Objective: The polymorphism BDNF val66met of the brain derived neurotrophic factor (BDNF) is common, may increase the risk for depression, and affects BDNF secretion, critical for neuronal survival, plasticity, neurogenesis, and synaptic connectivity. Our objectives were: 1) to test the hypothesis that BDNF_val/met status influences the remission rate of geriatric depression; 2) to explore whether the relationship between BDNF allelic status to remission is influenced by the presence of microstructural white matter abnormalities. Method: Non-demented older subjects with major depression had a 2-week placebo period, after which those with a Hamilton Depression Rating Scale (HDRS) of 18 or greater received escitalopram 10 mg daily for 12 weeks. Fractional anisotropy was determined in specific regions using the Reproducible Object Quantification Scheme (ROQS) software that operates on non-normalized data. Results: BDNF_met carriers were more likely to achieve remission than BDNF_val/val homozygotes after 12 weeks of treatment with escitalopram 10 mg daily.
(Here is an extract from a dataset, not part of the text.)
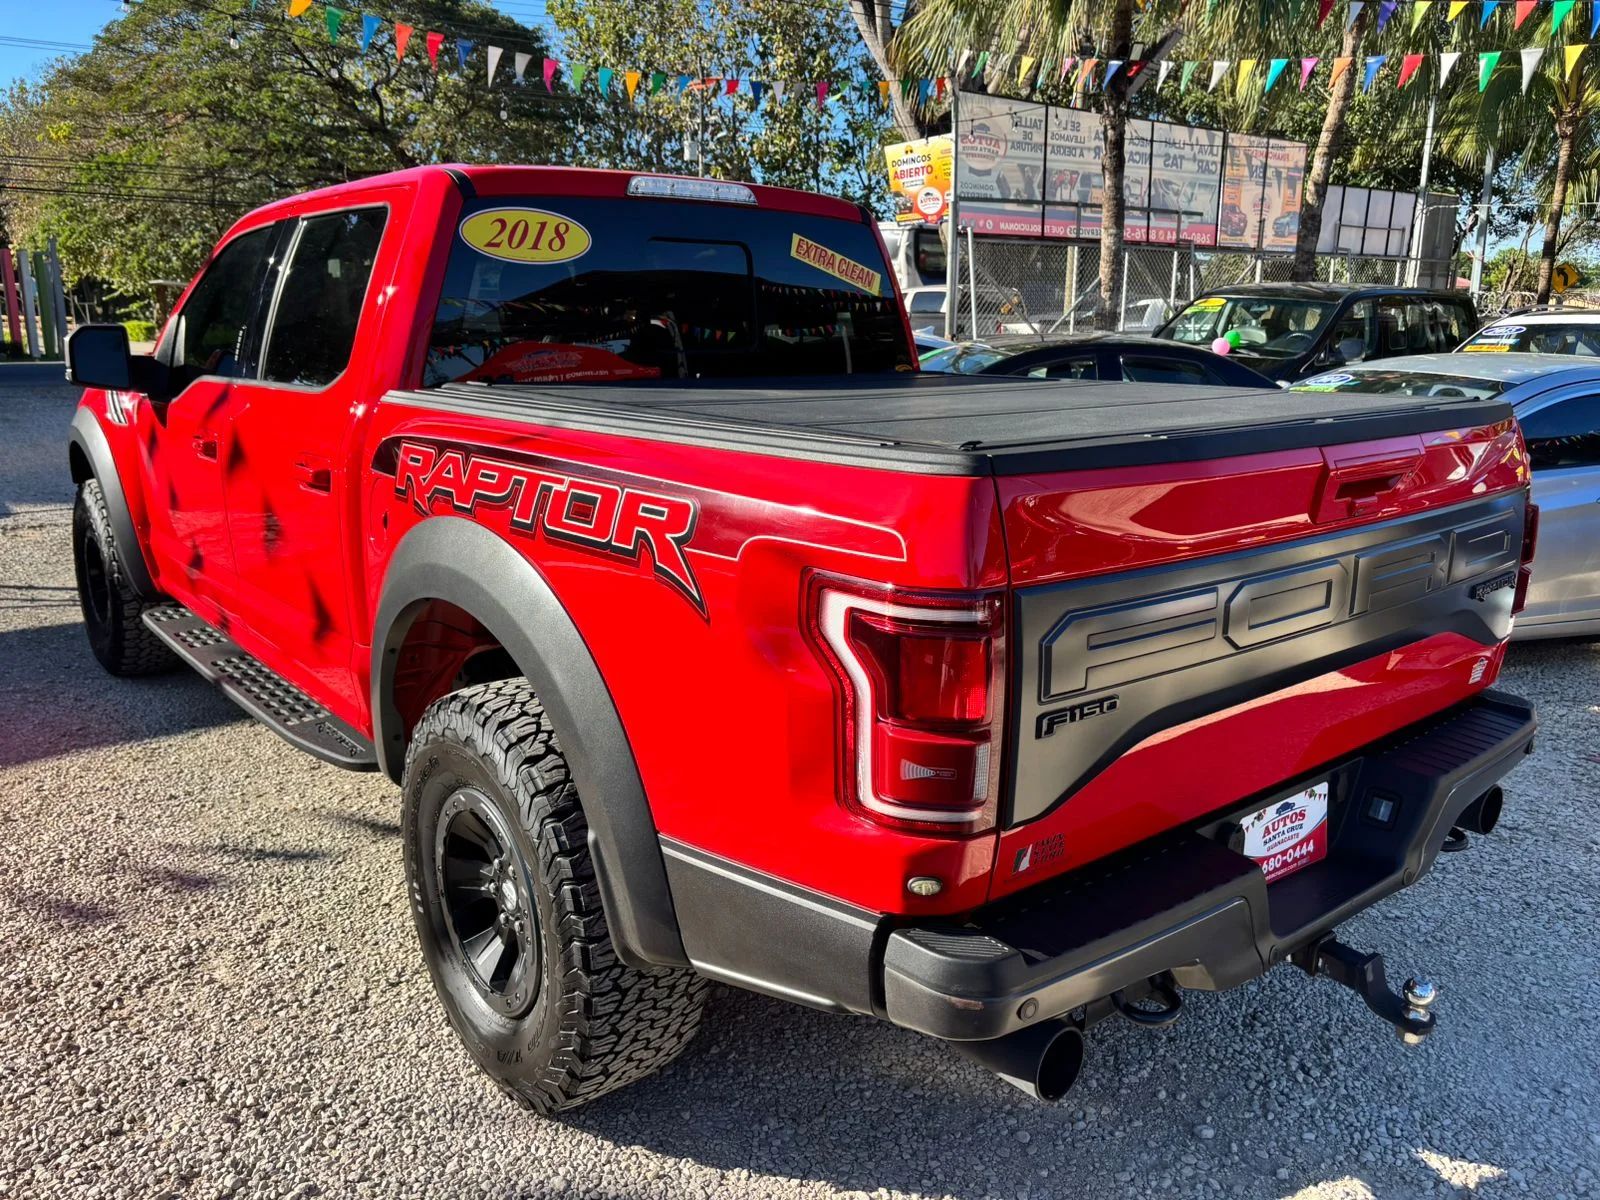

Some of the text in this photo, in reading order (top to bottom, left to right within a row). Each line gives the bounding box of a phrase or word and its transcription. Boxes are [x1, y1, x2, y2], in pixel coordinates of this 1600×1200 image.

Microstructural abnormalities in the corpus callosum, left superior corona radiata, and right inferior longitudinal fasciculum were also associated with lower remission rate. However, there were no significant interactions between BDNF_val66met status and microstructural abnormalities in predicting remission. Limitations: Small number of subjects, focus on a single BDNF polymorphism, fixed antidepressant dose. Conclusions: Depressed older BDNF_met carriers had a higher remission rate than BDNF_val/val homozygotes. This effect was not related to microstructural white matter abnormalities, which predicted remission independently. We speculate that the relationship between BDNF _val66met and remission is due to different effects of BDNF in brain structures related to mood regulation.